Dataset content:
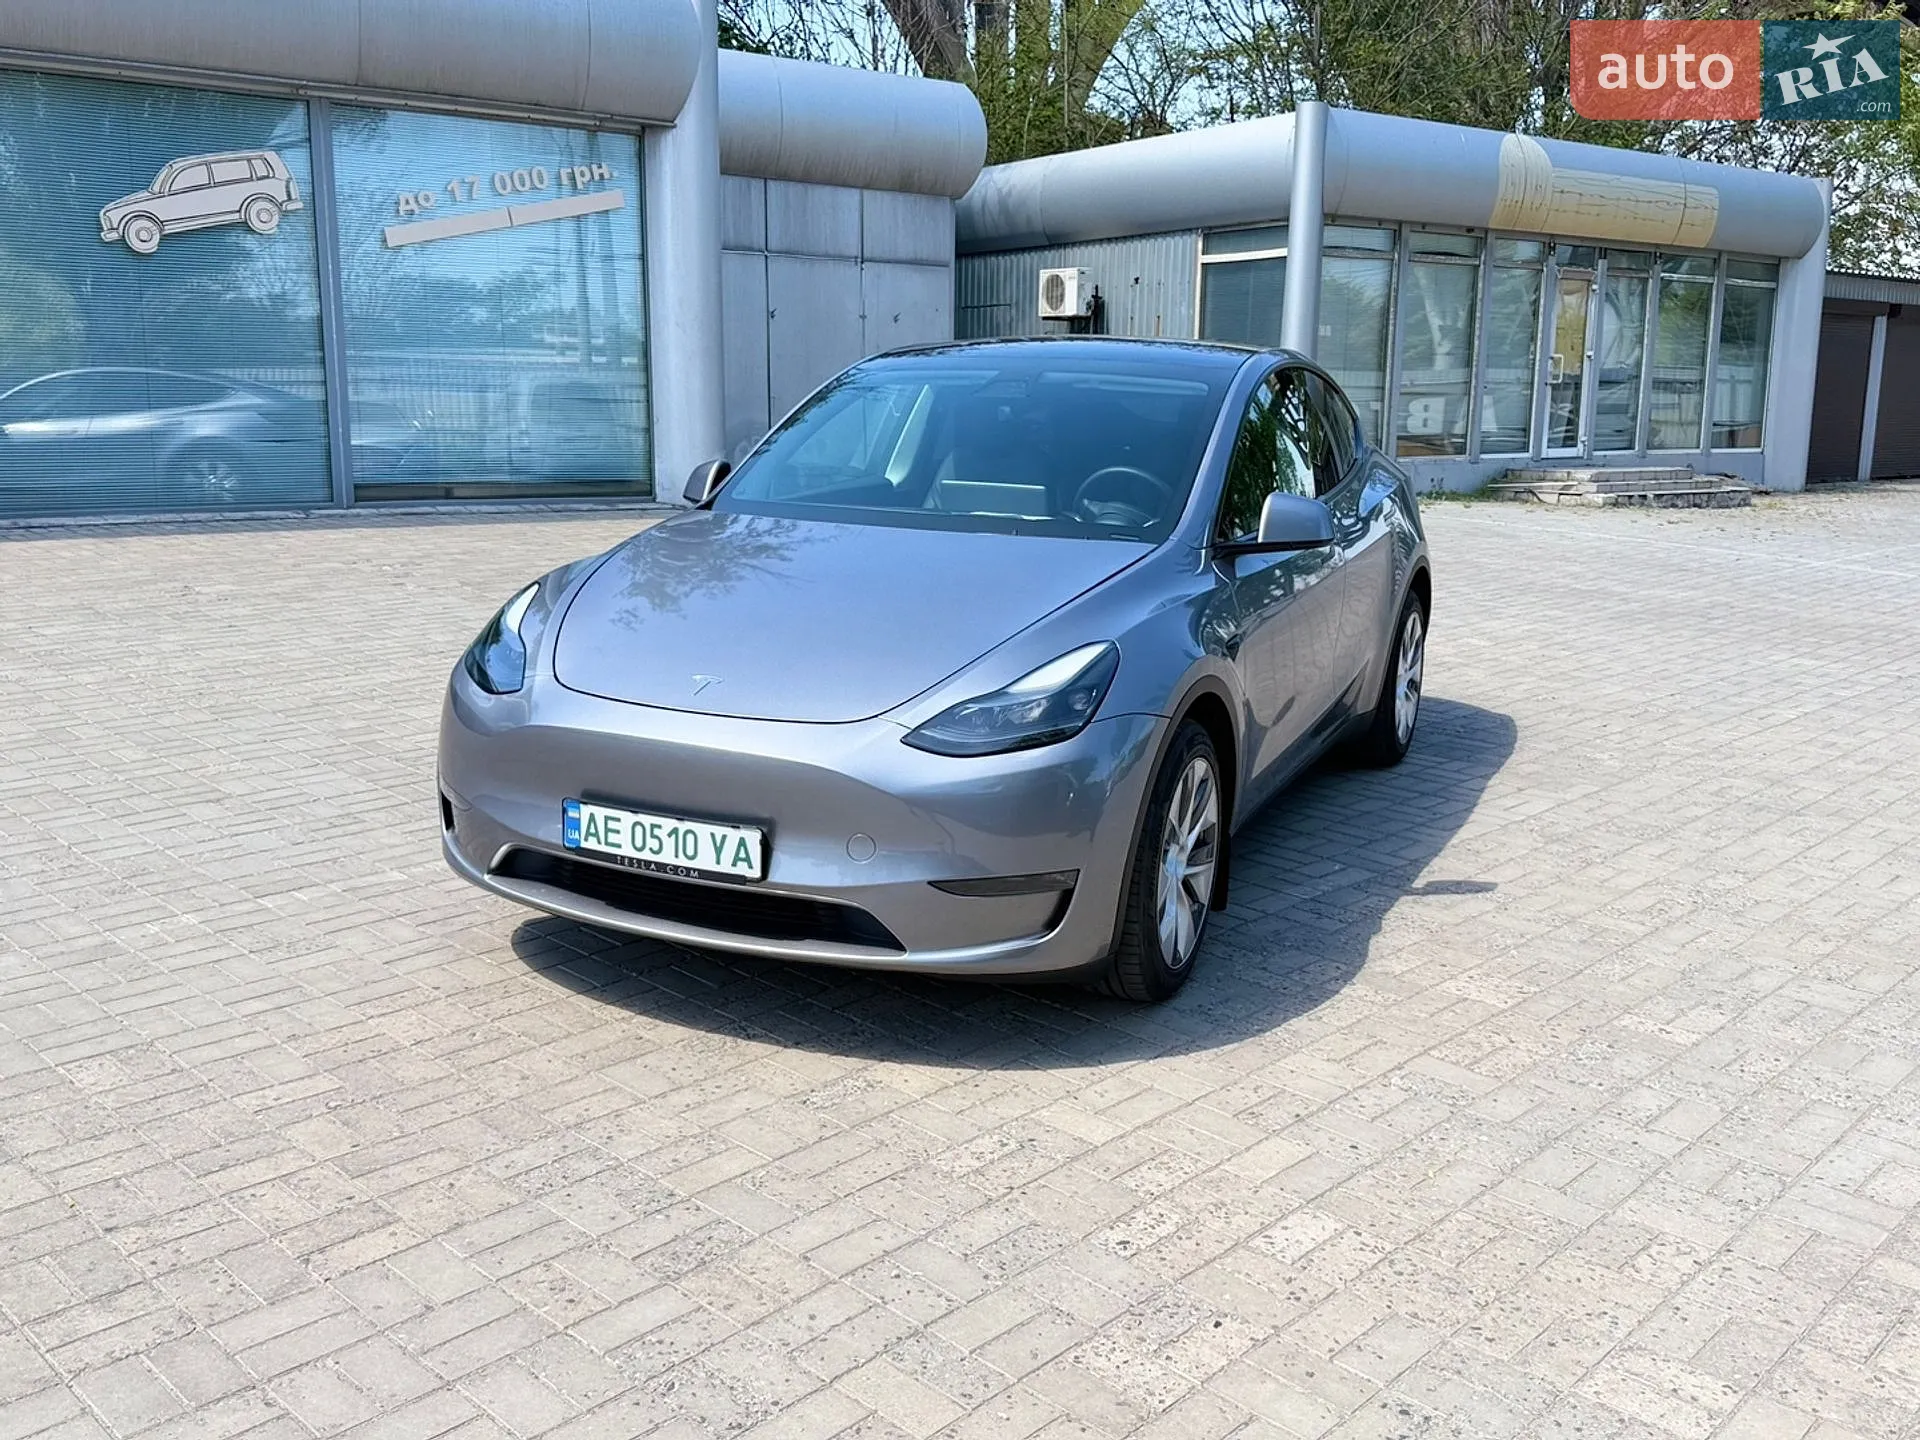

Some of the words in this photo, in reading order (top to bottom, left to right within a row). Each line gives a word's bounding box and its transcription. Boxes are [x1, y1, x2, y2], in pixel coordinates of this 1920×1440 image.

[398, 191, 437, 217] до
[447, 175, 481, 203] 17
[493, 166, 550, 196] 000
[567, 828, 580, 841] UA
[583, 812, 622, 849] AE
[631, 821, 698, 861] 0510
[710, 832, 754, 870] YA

Directions:
Exclude the images and output the lines above exactly.

Written response:
Some of the words in this photo, in reading order (top to bottom, left to right within a row). Each line gives a word's bounding box and its transcription. Boxes are [x1, y1, x2, y2], in pixel coordinates of this 1920×1440 image.

[398, 191, 437, 217] до
[447, 175, 481, 203] 17
[493, 166, 550, 196] 000
[567, 828, 580, 841] UA
[583, 812, 622, 849] AE
[631, 821, 698, 861] 0510
[710, 832, 754, 870] YA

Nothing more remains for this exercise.